Natural disasters in the USA

A series of wildfires burned throughout the U.S. state of Nevada during 2022.

== Background ==
The typical fire season in Nevada lasts from May to October, the time when vegetation is the driest. However, the timing varies every year based on a number of other factors, including if there is hot, dry weather, the amount of dry vegetation, and when there are more natural causes possible, such as lightning. The peak time of the season is also determined by these factors. Historically, wildfire severity has increased due to large amounts of dry fuel, and acreage typically increases in drought-like and heavy precipitation years.

== Summary ==
Governor Steve Sisolak highlighted in his forecast in May Nevada was in its third consecutive year of drought. Even in late April, every county was under some level of drought. This resulted in the forecast of an exacerbated fire season.

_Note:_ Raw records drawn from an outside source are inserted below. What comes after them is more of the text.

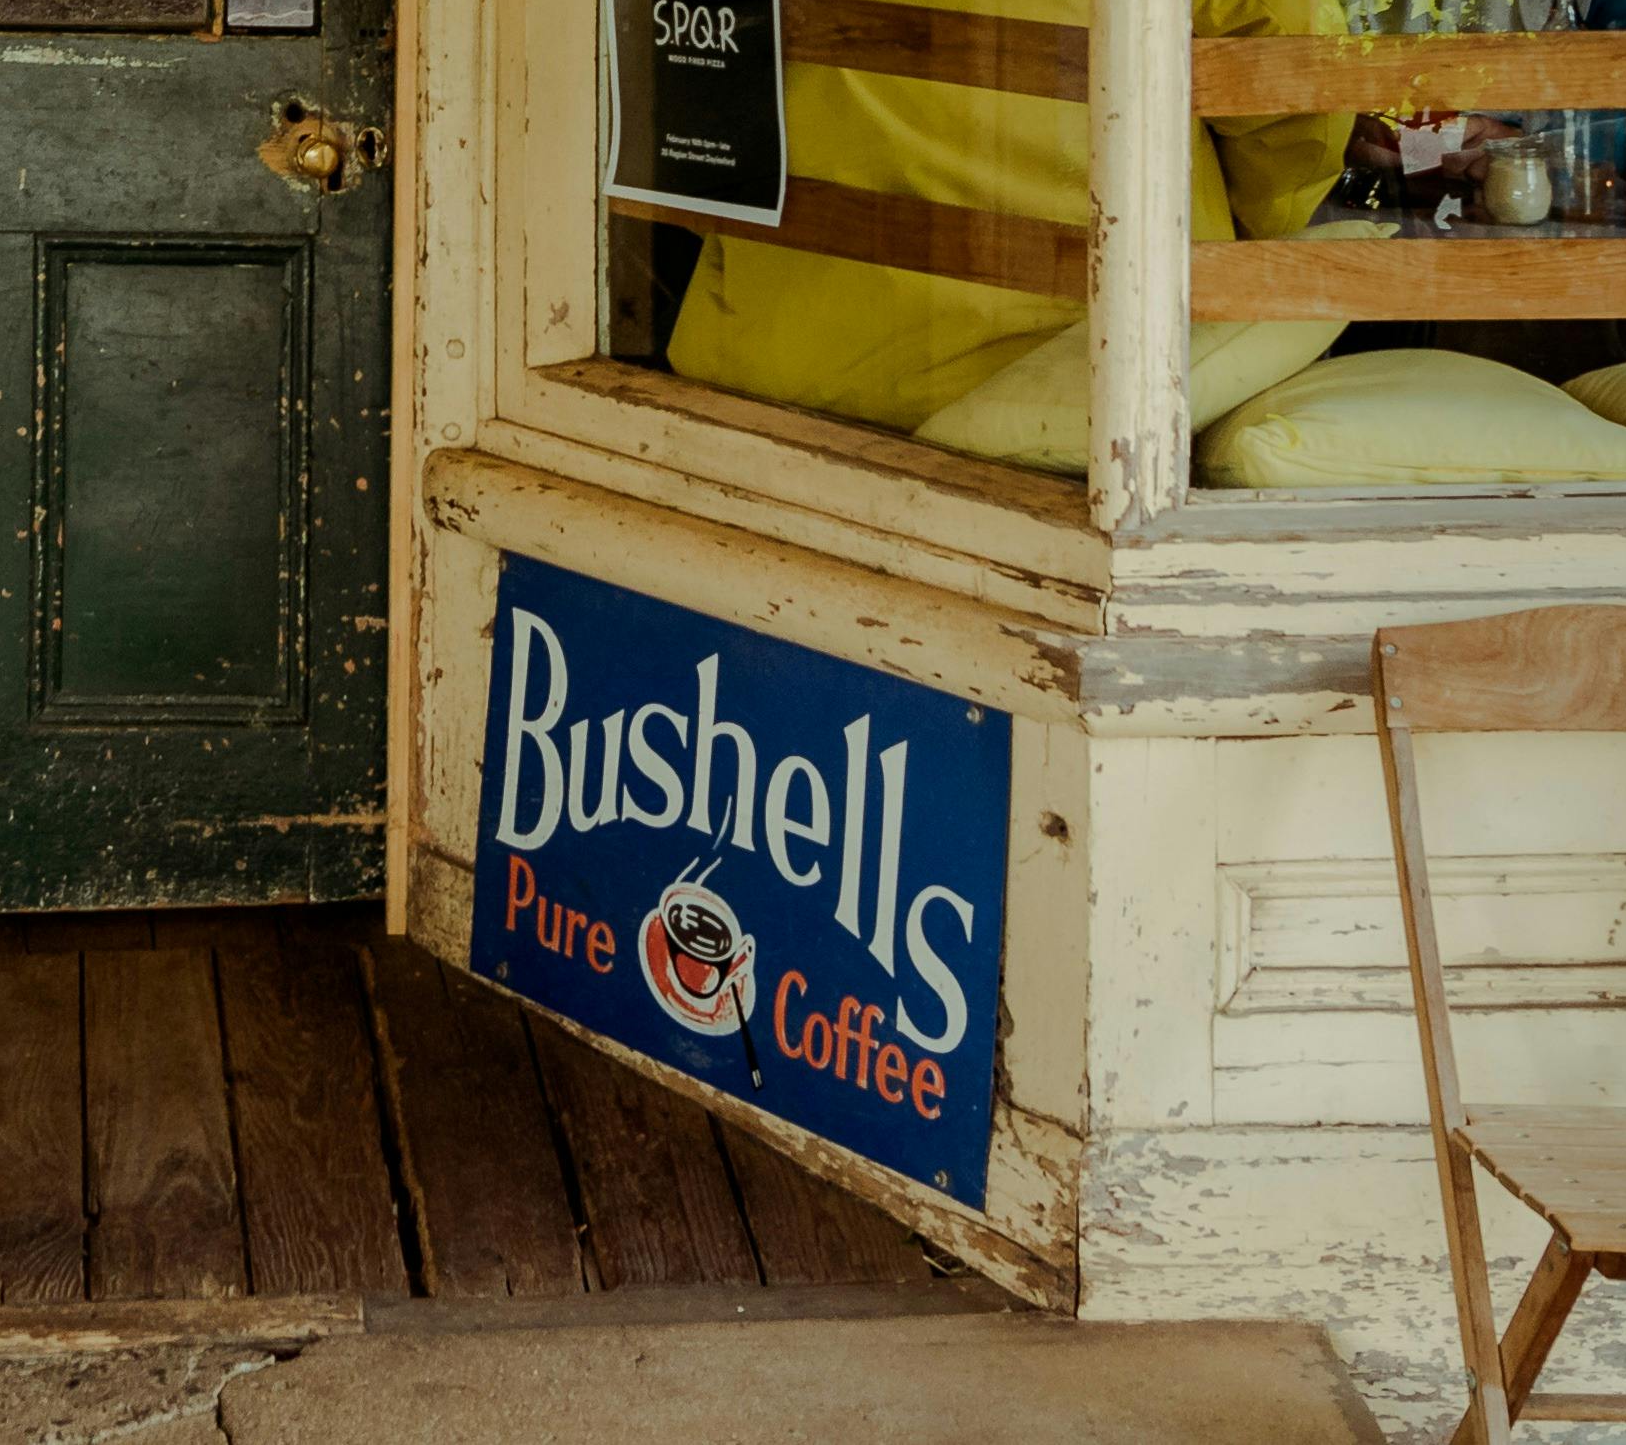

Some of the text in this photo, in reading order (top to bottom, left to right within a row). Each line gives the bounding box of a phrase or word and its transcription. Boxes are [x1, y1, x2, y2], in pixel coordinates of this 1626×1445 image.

[495, 607, 975, 1054] Bushells
[505, 855, 947, 1120] Pure Coffee
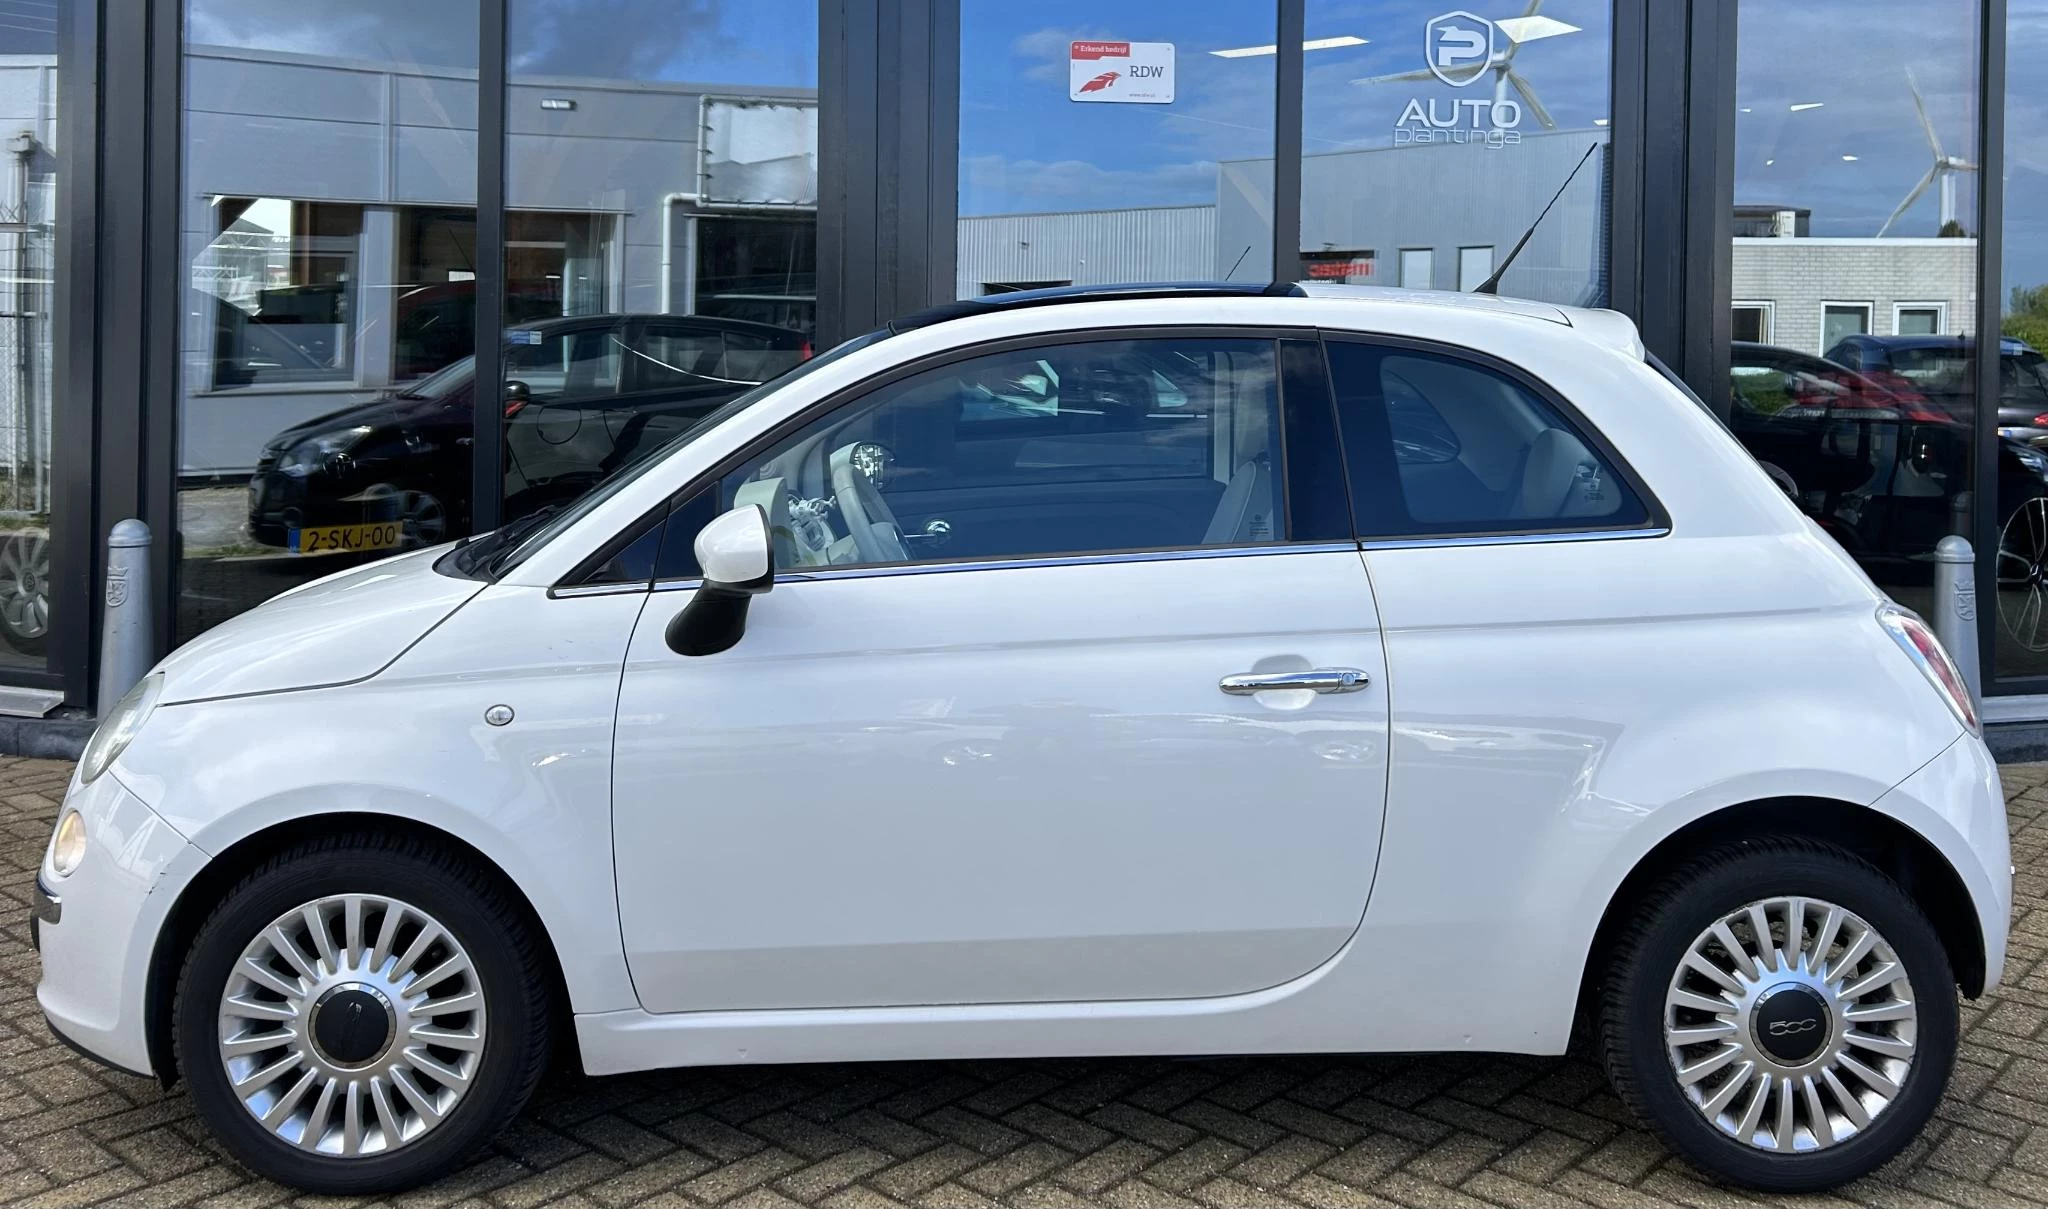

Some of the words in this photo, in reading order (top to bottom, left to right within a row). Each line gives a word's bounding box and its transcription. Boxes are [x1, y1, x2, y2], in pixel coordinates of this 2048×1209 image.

[1080, 45, 1105, 53] Erkend
[1129, 65, 1165, 79] RDW
[1396, 98, 1521, 128] AUTO
[1394, 126, 1521, 149] plantinga
[306, 525, 396, 552] 2-SKJ-00
[1769, 1018, 1817, 1036] 500

Spring and winter were extremely dry in the Great Basin, which prompted expectations of an early and severe fire season. However, some fuels in Southern Nevada were below average. An extremely early, wet monsoon reduced activity in Southern Nevada in late June. Overall, the monsoon produced between 120% and 200% of the normal rainfall, depending on the region. A large lightning event throughout Eastern Nevada, Western Utah, and Idaho. Conditions in late summer and early fall kept wildfires burning during that time.

== List of wildfires ==

The following is a list of fires that burned more than 1000 acres, or produced significant structural damage or casualties.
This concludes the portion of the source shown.